Le 15 mai 1945, Grumiaux partait pour Londres. Il était le premier artiste belge appelé à se produire sur le sol britannique depuis la fin de la guerre. Il y restera trois semaines en donnant de nombreux concerts. Il avait reçu de Walter Legge, qui dirigeait les disques Columbia, une longue lettre qui l'engageait pour de nombreux concerts, dont quelques-uns importants, comme celui de la B.B.C., et des enregistrements sur disques H.M.V. et Columbia. Durant son passage de trois semaines en Angleterre, Walter Legge tint son engagement et Grumiaux enregistra son premier disque commercial 78 tours avec Gerald Moore au piano. Il s'agissait de Nocturne et Tarentelle op. 28 n° 1 et 2 de Szymanowski. Il est satisfait de son disque et il écrit à Amanda :

"Hier, j'ai entendu mon disque de Nocturne et Tarentelle de Szymanowski :
il est très bien. Il y a deux petites choses, mais si petites qu'il faut bien écouter pour les entendre. Tu sais que je suis très difficile et très strict et sévère pour moi; ce disque est presque parfait. J'ai entendu Tzigane de Ravel aussi, mais celui-ci n'est pas publié encore. Il est très bien pour le violon, il y a juste trois notes harmoniques qui sifflent. Mais le piano est mauvais, je ne sais ce qu'a fait Gerald Moore, mais ce n'est pas bien. Alors Legge croit qu'il vaut mieux recommencer. C'est dommage mais je suis de cet avis"...
Ce disque ne fut jamais publié, mais le premier fit sensation.
The Gramophone d'août 1945 en donne une critique très élogieuse :
(...) « il possède quelque chose du tempérament ardent que nous avions remarqué chez une autre artiste de passage chez nous, une autre violoniste, Ginette Neveu. Tant d'artistes aujourd'hui cherchent à être d'abord des dames ou des messieurs et ensuite, seulement, des artistes. Une combinaison impossible de toute façon. Grumiaux est artiste d'abord et avant tout, on le sent bien et il va exactement où la musique le conduit... Ces pièces avaient déjà été enregistrées par Menuhin et Milstein mais, si ma mémoire est bonne, ni l'un ni l'autre de ces artistes n'avait atteint le coeur de la musique avec autant de sûreté que Grumiaux ne le fait ici. »
Au début de 1946, la renommée de Grumiaux, qui n'avait pas vingt-cinq ans, présentait tous les signes de l'universalité imminente. A la sortie de chacun de ses disques comme à chacune de ses apparitions dans une ville nouvelle, la critique applaudissait avec une unanimité inhabituelle et criait à la révélation. Comme nous le verrons, les compagnies de disques se le disputaient déjà.

 

On se le dispute.

 

Grumiaux, nous l'avons vu, est devenu sans transition ni étape un très grand violoniste, les critiques sont quasi unanimes à louer ses qualités musicales exceptionnelles. Les compagnies de disques ne pouvaient l'ignorer.
Du 10 au 20 juillet 1953, il était à Nassau. En rentrant à Bruxelles, il trouva une lettre de Philips avec un projet de contrat d'exclusivité pour deux ans plus une option pour une troisième année, avec un minimum garanti de deux disques long-playing par an. Les conditions financières paraissaient satisfaisantes et Grumiaux envoya aussitôt son acceptation de principe.

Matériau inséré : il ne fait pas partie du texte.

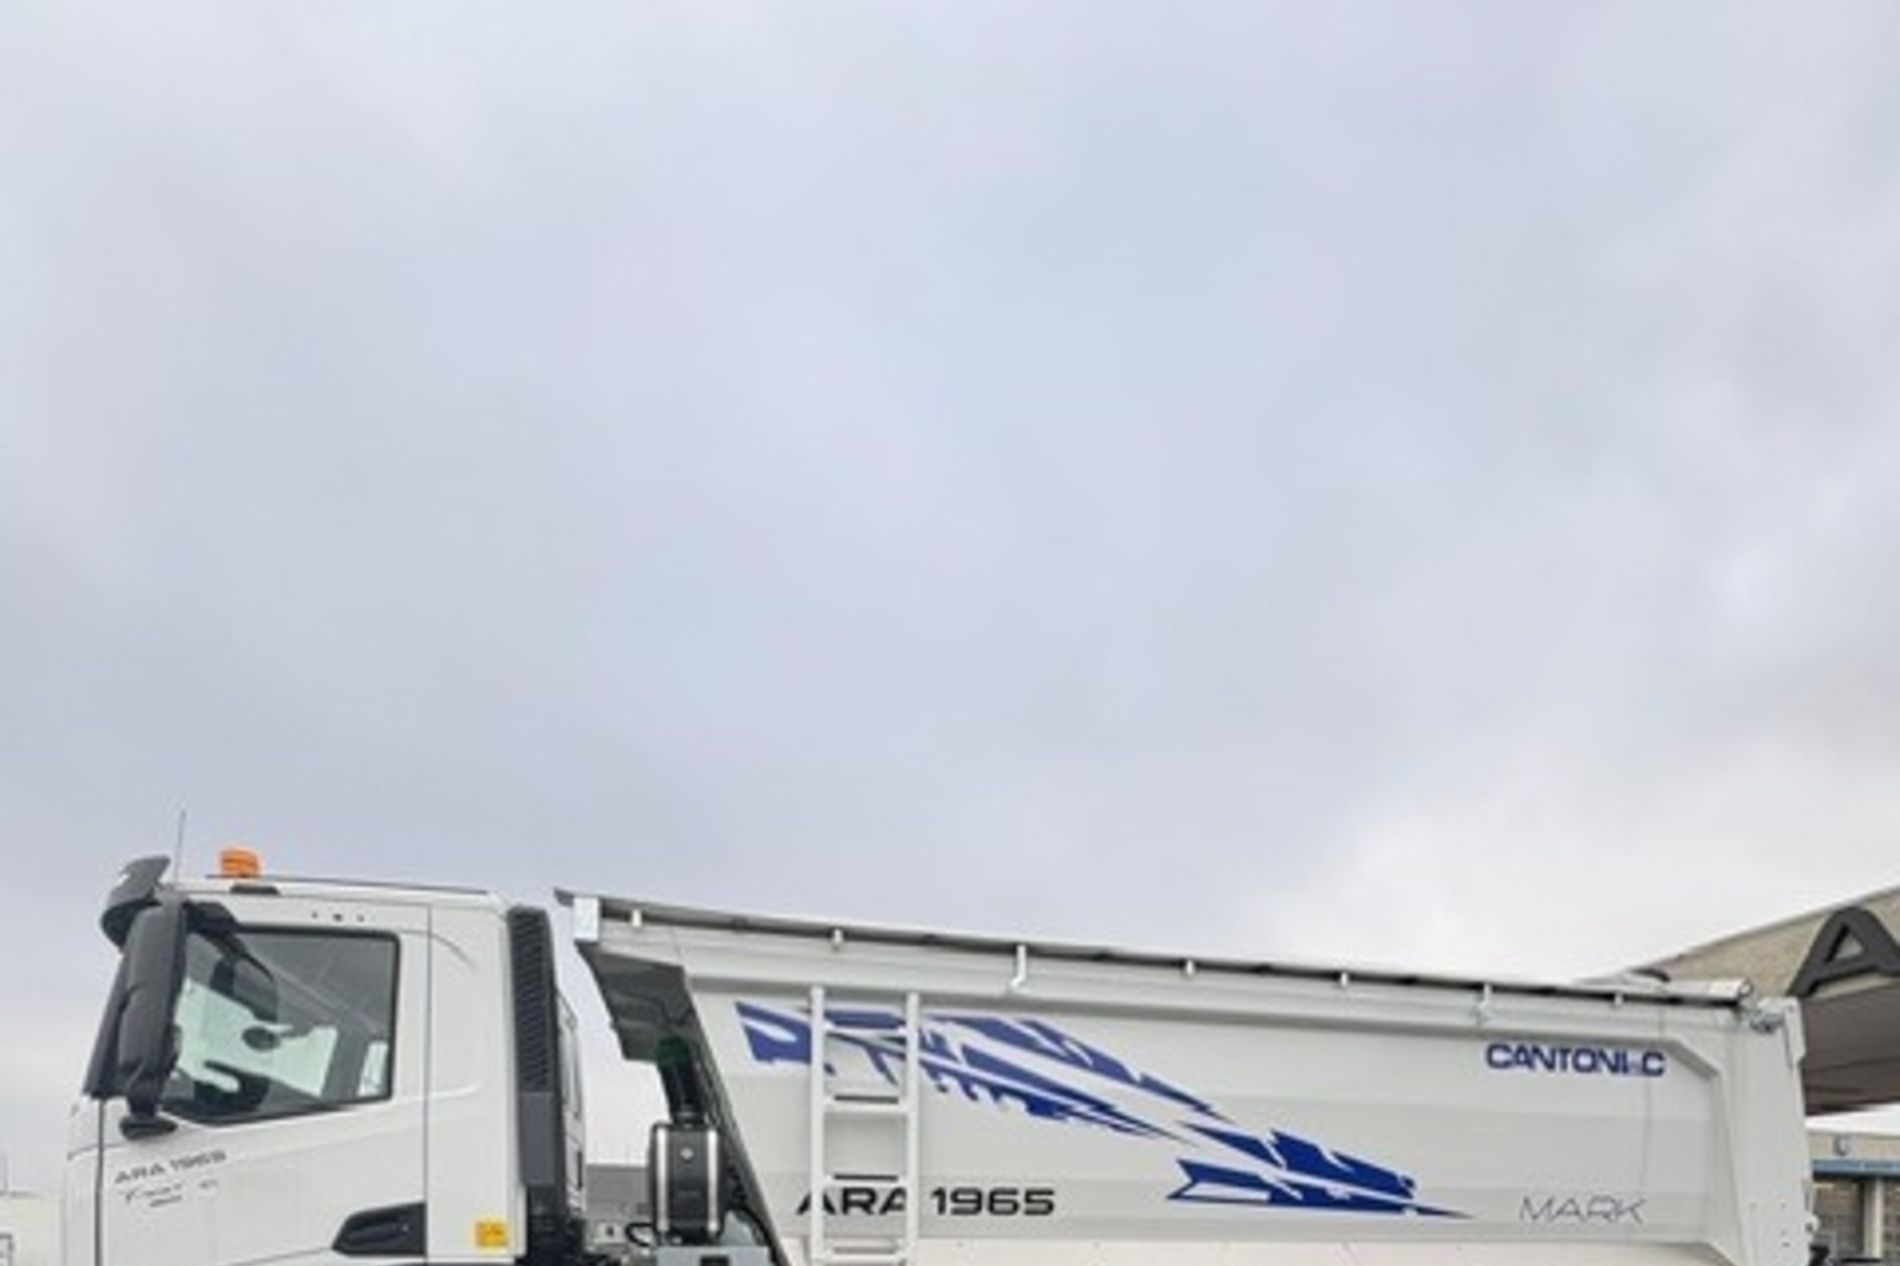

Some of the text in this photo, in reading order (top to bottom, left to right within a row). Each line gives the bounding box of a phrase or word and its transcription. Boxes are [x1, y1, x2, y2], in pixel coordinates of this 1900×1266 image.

Mais voici que, presque en même temps, il reçut un abondant courrier de Seymour Salmon, directeur musical de la firme américaine Vanguard Records. Il y avait dans l'enveloppe un contrat en bonne et due forme qu'il n'avait plus qu'à signer. Le contrat était prévu pour deux ans avec option pour une troisième année et garantissait trois disques par an, dont au moins un avec orchestre. Mais Grumiaux s'était engagé, et d'ailleurs, les conditions financières semblaient meilleures chez Philips où il espérait réaliser quelques enregistrements avec Clara Haskil.
Le 19 août arrivait de chez Philips la nouvelle de la signature du contrat par la direction; toutes les conditions financières y étaient fixées dans le détail. Jusqu'à sa mort, Grumiaux travaillera avec Philips et, cependant, s'il était content dans l'ensemble de la qualité des enregistrements, il y eut de nombreux heurts. Grumiaux eut à se plaindre très souvent pour des motifs variés : on ne respectait pas les dates fixées pour les enregistrements; il était prévenu trop tard; du point de vue technique, il arrivait que le responsable de la prise de son introduise lui-même des nuances non adoptées par le soliste; la publicité surtout était très insuffisante et mal faite, etc... Cependant, -et il serait difficile de dire pourquoi,- Grumiaux resta fidèle à Philips. Il est tout aussi difficile de savoir pourquoi il laissa tomber Seymour Salmon, au grand désappointement de celui-ci qui voyait s'effondrer une vaste perspective commerciale.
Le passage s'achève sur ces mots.